Понятие lectura dantis возникло как определение особого жанра – чтения «Божественной комедии», и я прекрасно понимаю, что после комментариев, оставленных многими и многими поколениями, начиная с сына Данте, Пьеро, который написал их вскоре после смерти отца, невозможно сохранить ни всестороннюю критичность, ни полную оригинальность в том, что должно быть сказано о поэме. Впрочем, такую попытку можно оправдать, предположив, что любое прочтение – это в конечном счете не столько осмысление или истолкование изначального текста, сколько портрет читающего, исповедь, акт самораскрытия и самопознания.

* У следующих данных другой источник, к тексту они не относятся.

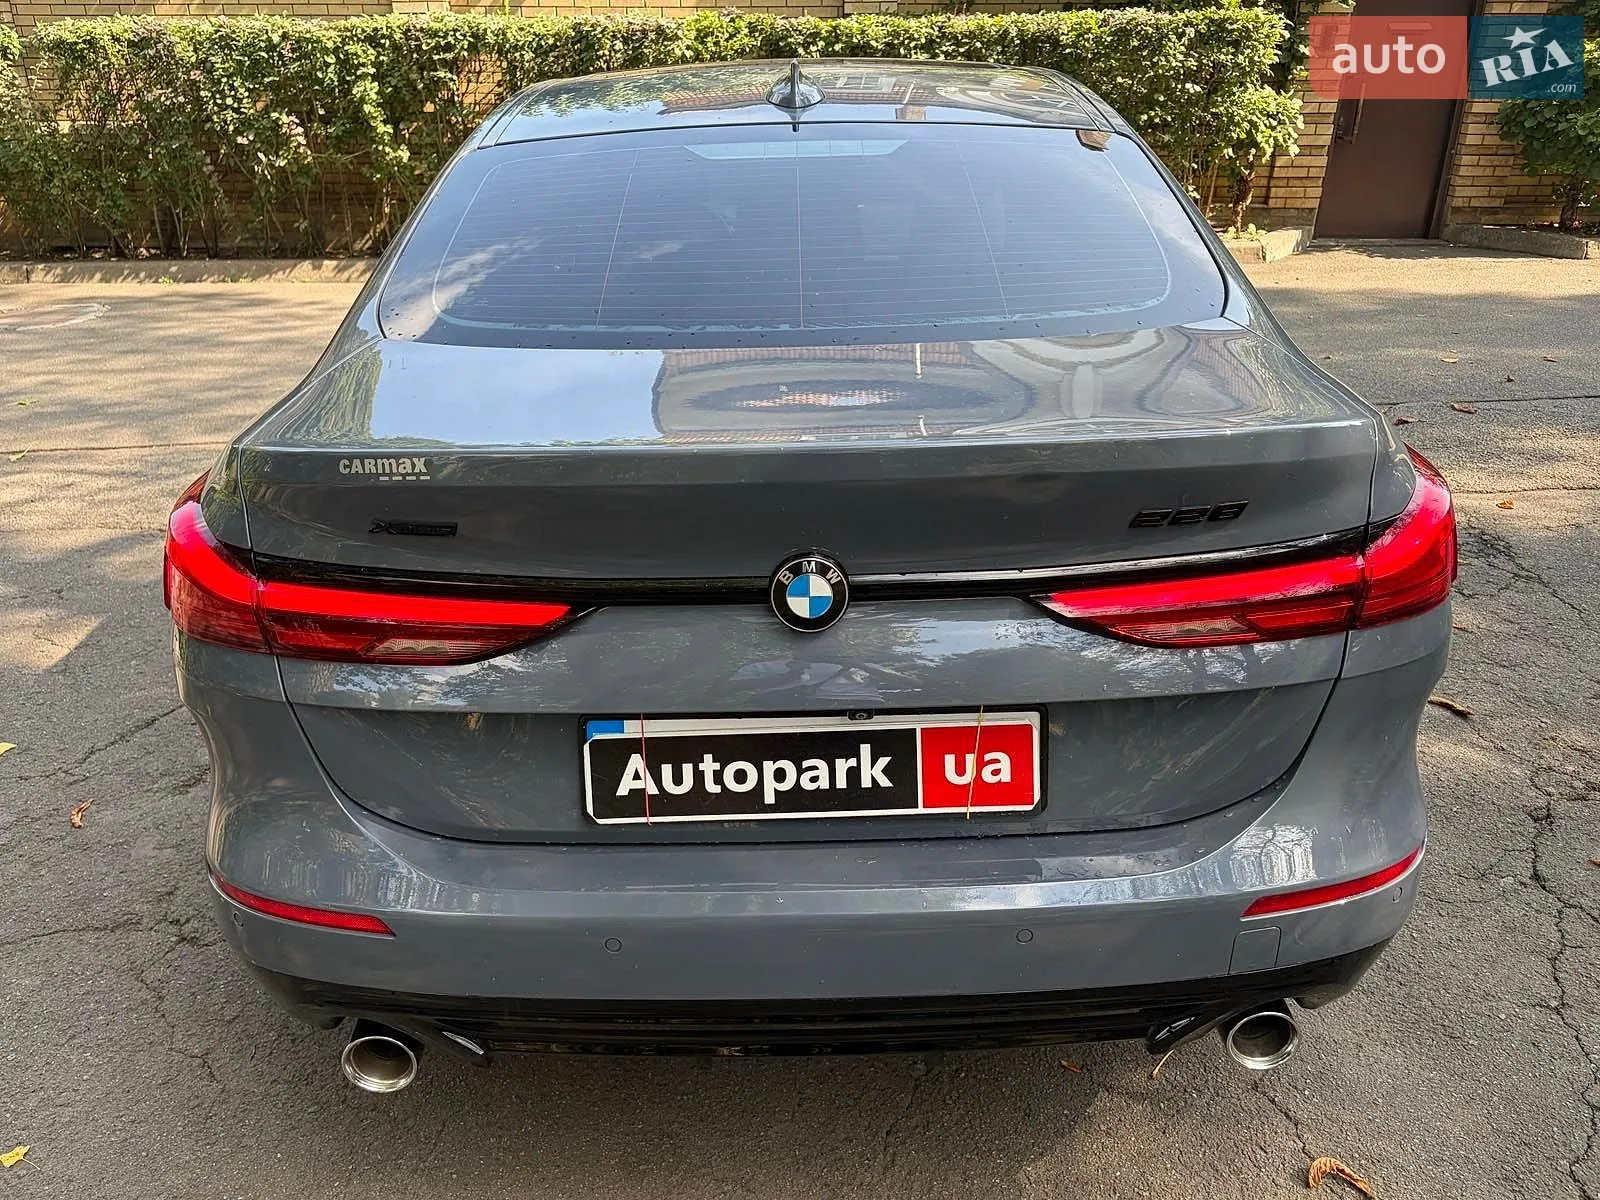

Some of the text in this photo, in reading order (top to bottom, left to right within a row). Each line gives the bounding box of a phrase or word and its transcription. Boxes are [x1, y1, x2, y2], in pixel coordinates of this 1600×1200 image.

[779, 560, 841, 586] BMW
[615, 743, 1012, 805] Autopark ua

Первым такое «автобиографическое» прочтение осуществил сам Данте. Когда во время путешествия в потустороннее поэту будет сообщено, что во имя собственного спасения он должен выбрать новую дорогу в жизни, его охватит страстное желание узнать, кто же он в действительности и что несут ему открытия, совершаемые на пути[19]. С первого стиха «Ада» до последнего стиха «Рая» «Божественная комедия» отмечена этим дантовским вопросом.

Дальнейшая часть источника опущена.